━━━━━ Stored data ━━━━━

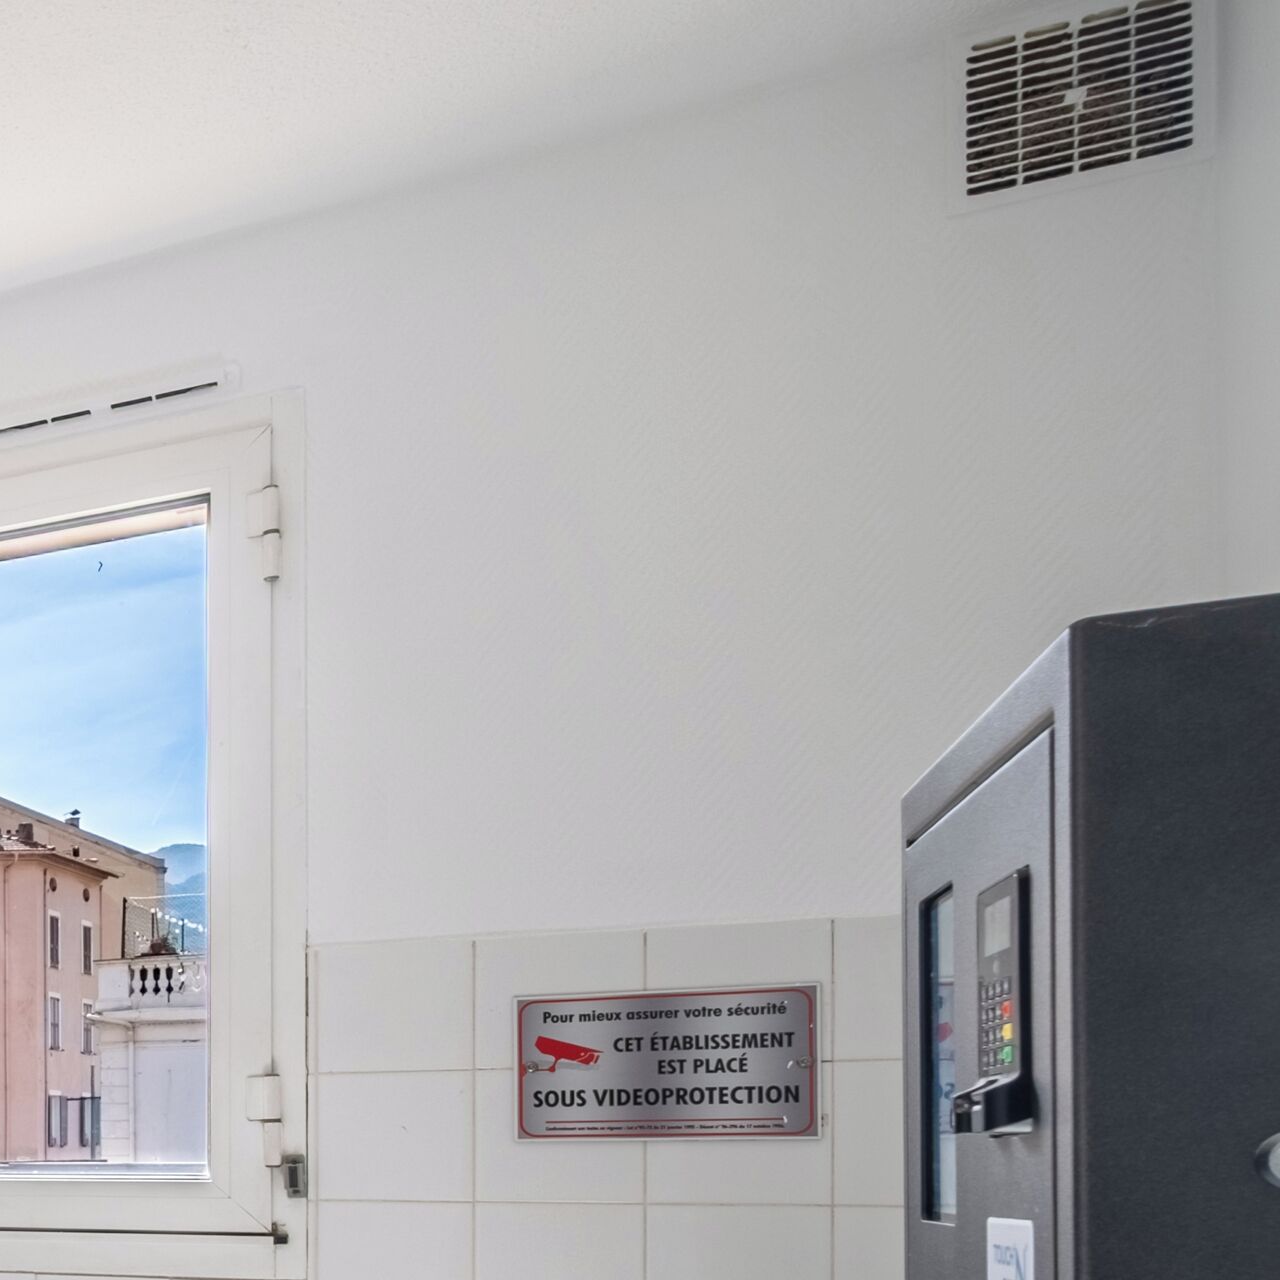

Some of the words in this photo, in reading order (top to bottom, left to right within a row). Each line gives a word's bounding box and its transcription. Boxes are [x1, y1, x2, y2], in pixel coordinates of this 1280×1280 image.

[543, 1011, 574, 1024] Pour
[579, 1009, 622, 1022] mieux
[626, 1008, 679, 1020] assurer
[684, 1006, 722, 1018] votre
[727, 1001, 787, 1016] sécurité
[613, 1036, 645, 1053] CET
[650, 1031, 795, 1052] ÉTABLISSEMENT
[657, 1059, 687, 1075] EST
[693, 1053, 748, 1074] PLACÉ
[533, 1090, 586, 1108] SOUS
[593, 1085, 800, 1107] VIDEOPROTECTION
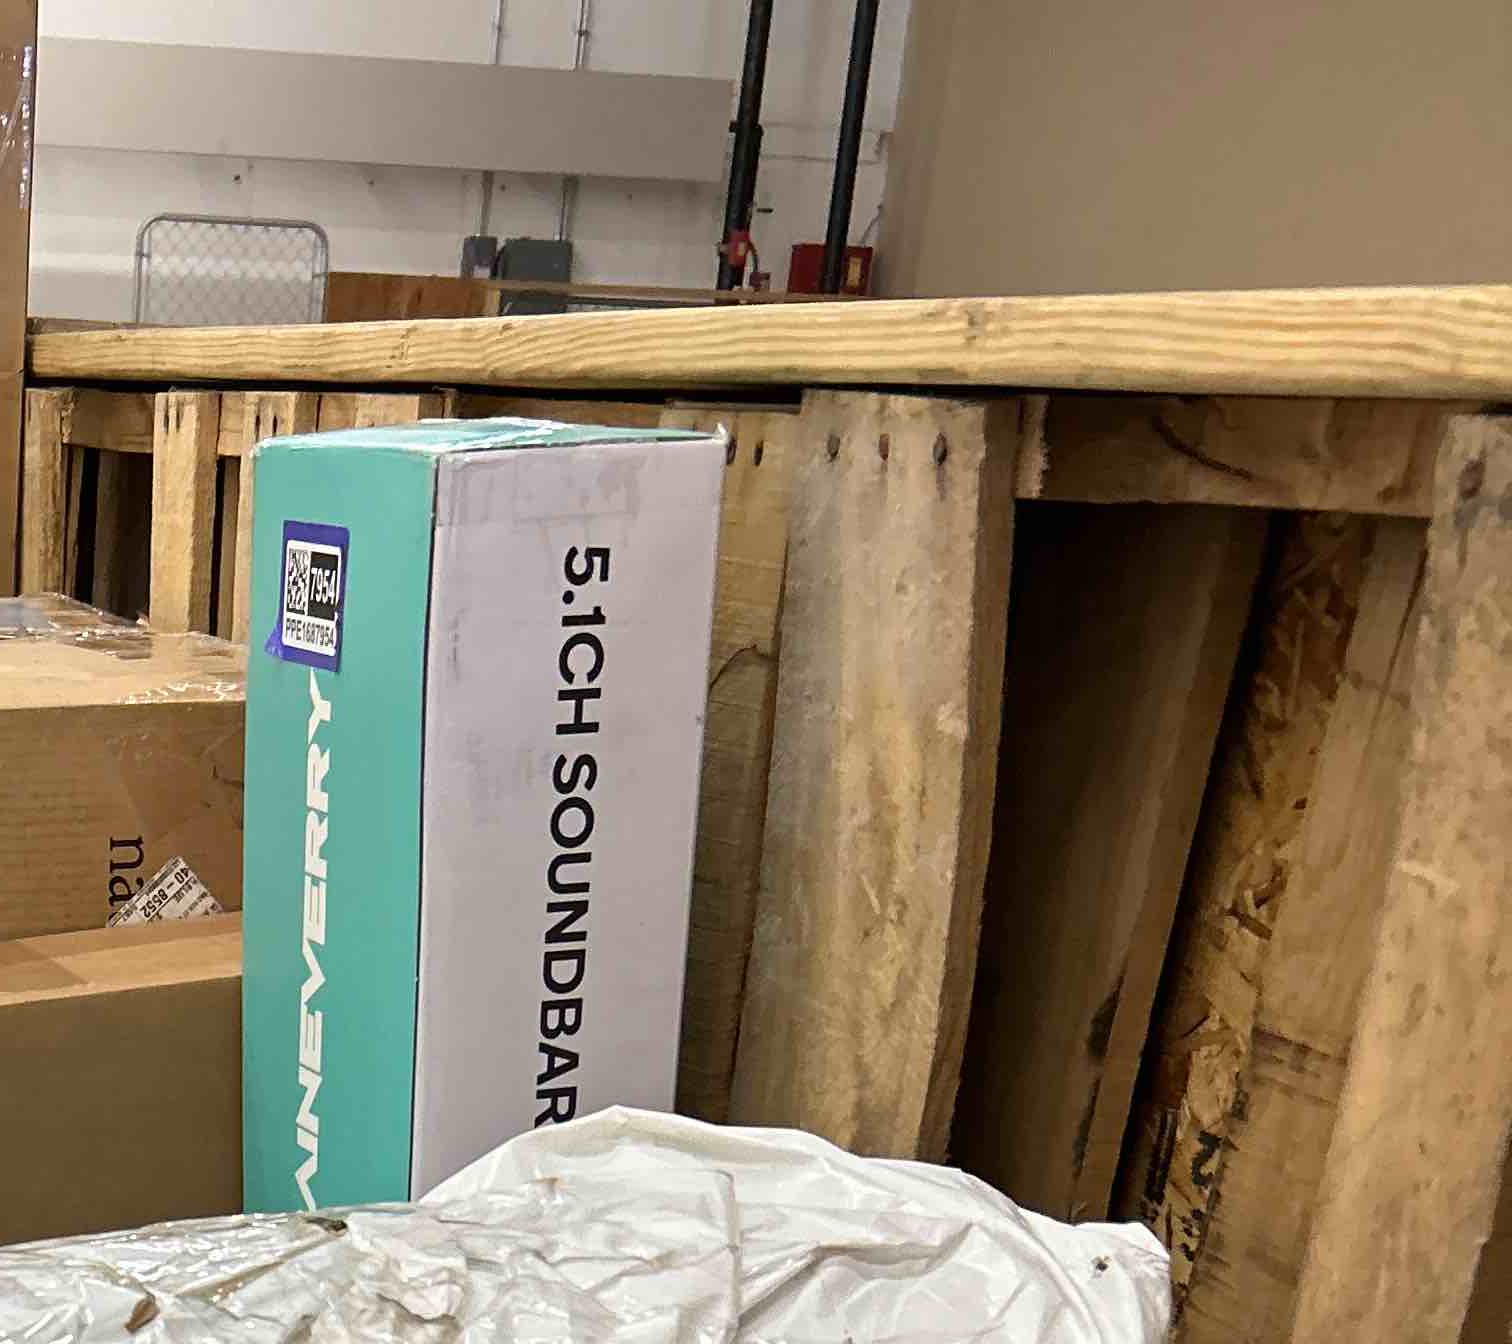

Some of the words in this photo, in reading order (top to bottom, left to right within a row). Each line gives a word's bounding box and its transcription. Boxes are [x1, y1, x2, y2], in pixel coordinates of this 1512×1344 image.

[310, 567, 337, 605] 7954
[555, 546, 611, 735] 5.1CH
[140, 888, 169, 919] 8552
[534, 754, 597, 1129] SOUNDBAR
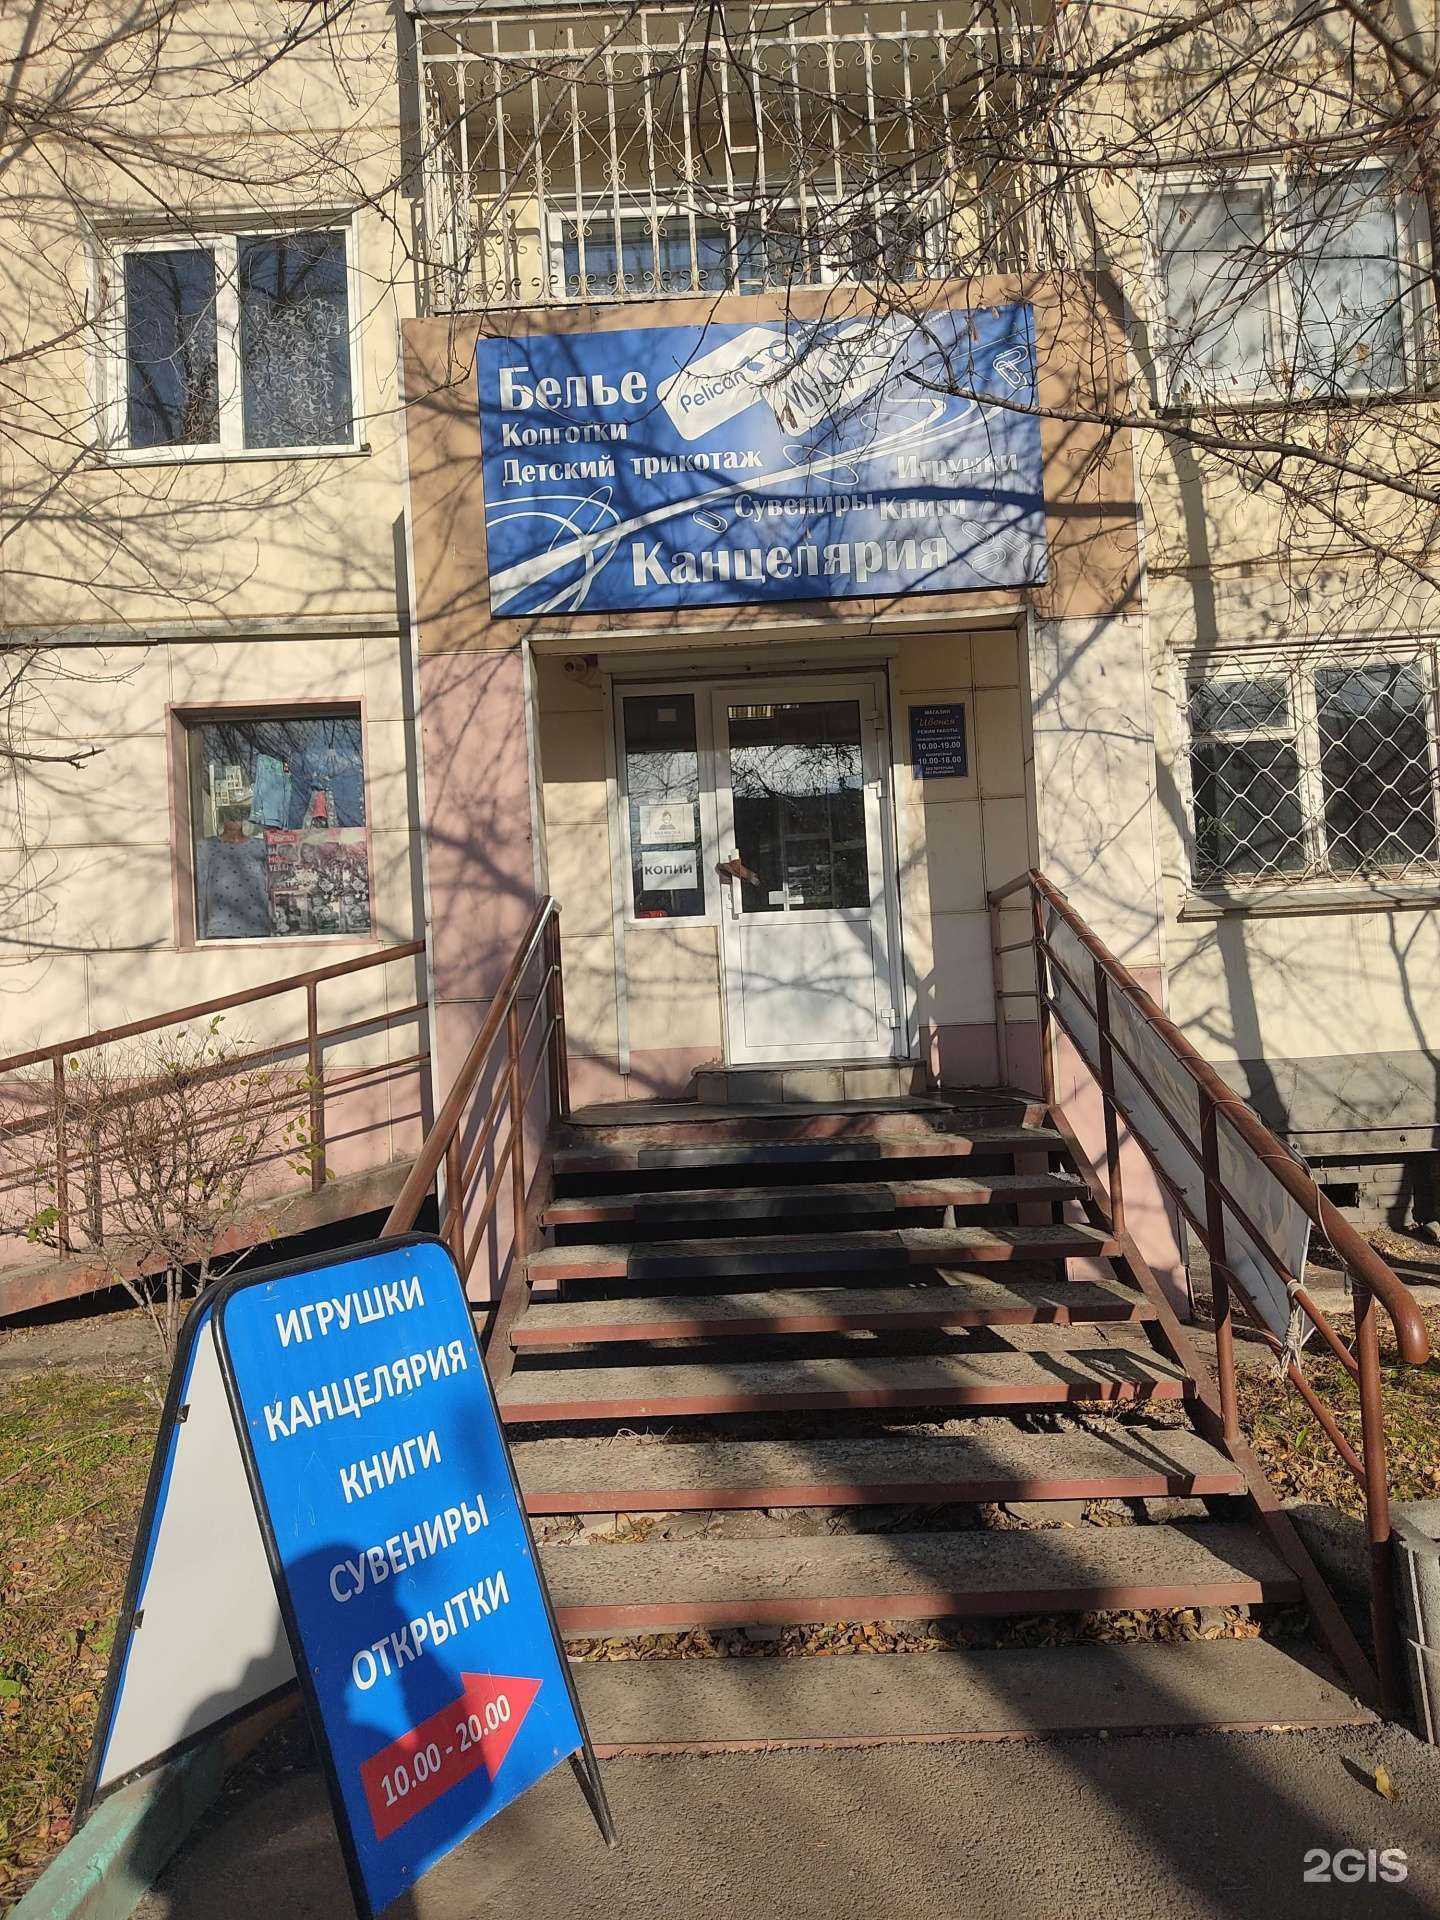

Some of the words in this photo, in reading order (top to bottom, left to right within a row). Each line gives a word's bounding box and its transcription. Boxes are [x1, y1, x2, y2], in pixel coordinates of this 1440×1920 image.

[499, 367, 648, 412] Белье
[680, 370, 748, 413] Pelican
[501, 423, 628, 447] Колготки
[502, 455, 616, 486] Детский
[630, 450, 764, 480] трикотаж
[897, 453, 1018, 482] Игрушки
[734, 493, 873, 522] Сувениры
[879, 497, 966, 520] Книги
[631, 536, 947, 587] Канцелярия
[918, 741, 961, 751] 10.00-19.00
[275, 1275, 425, 1348] ИГРУШКИ
[263, 1339, 468, 1442] КАНЦЕЛЯРИЯ
[339, 1430, 442, 1504] КНИГИ
[329, 1494, 490, 1603] СУВЕНИРЫ
[352, 1570, 510, 1691] ОТКРЫТКИ
[381, 1743, 441, 1807] 10.00
[456, 1694, 511, 1752] 20.00

━━━━━

**Your instructions:**
Reproduce every record in full. Leave out the images.

**Exercise output:**
Some of the words in this photo, in reading order (top to bottom, left to right within a row). Each line gives a word's bounding box and its transcription. Boxes are [x1, y1, x2, y2], in pixel coordinates of this 1280×1280 image.

[543, 1011, 574, 1024] Pour
[579, 1009, 622, 1022] mieux
[626, 1008, 679, 1020] assurer
[684, 1006, 722, 1018] votre
[727, 1001, 787, 1016] sécurité
[613, 1036, 645, 1053] CET
[650, 1031, 795, 1052] ÉTABLISSEMENT
[657, 1059, 687, 1075] EST
[693, 1053, 748, 1074] PLACÉ
[533, 1090, 586, 1108] SOUS
[593, 1085, 800, 1107] VIDEOPROTECTION

Some of the words in this photo, in reading order (top to bottom, left to right within a row). Each line gives a word's bounding box and its transcription. Boxes are [x1, y1, x2, y2], in pixel coordinates of this 1512×1344 image.

[310, 567, 337, 605] 7954
[555, 546, 611, 735] 5.1CH
[140, 888, 169, 919] 8552
[534, 754, 597, 1129] SOUNDBAR

Some of the words in this photo, in reading order (top to bottom, left to right within a row). Each line gives a word's bounding box and its transcription. Boxes are [x1, y1, x2, y2], in pixel coordinates of this 1440×1920 image.

[499, 367, 648, 412] Белье
[680, 370, 748, 413] Pelican
[501, 423, 628, 447] Колготки
[502, 455, 616, 486] Детский
[630, 450, 764, 480] трикотаж
[897, 453, 1018, 482] Игрушки
[734, 493, 873, 522] Сувениры
[879, 497, 966, 520] Книги
[631, 536, 947, 587] Канцелярия
[918, 741, 961, 751] 10.00-19.00
[275, 1275, 425, 1348] ИГРУШКИ
[263, 1339, 468, 1442] КАНЦЕЛЯРИЯ
[339, 1430, 442, 1504] КНИГИ
[329, 1494, 490, 1603] СУВЕНИРЫ
[352, 1570, 510, 1691] ОТКРЫТКИ
[381, 1743, 441, 1807] 10.00
[456, 1694, 511, 1752] 20.00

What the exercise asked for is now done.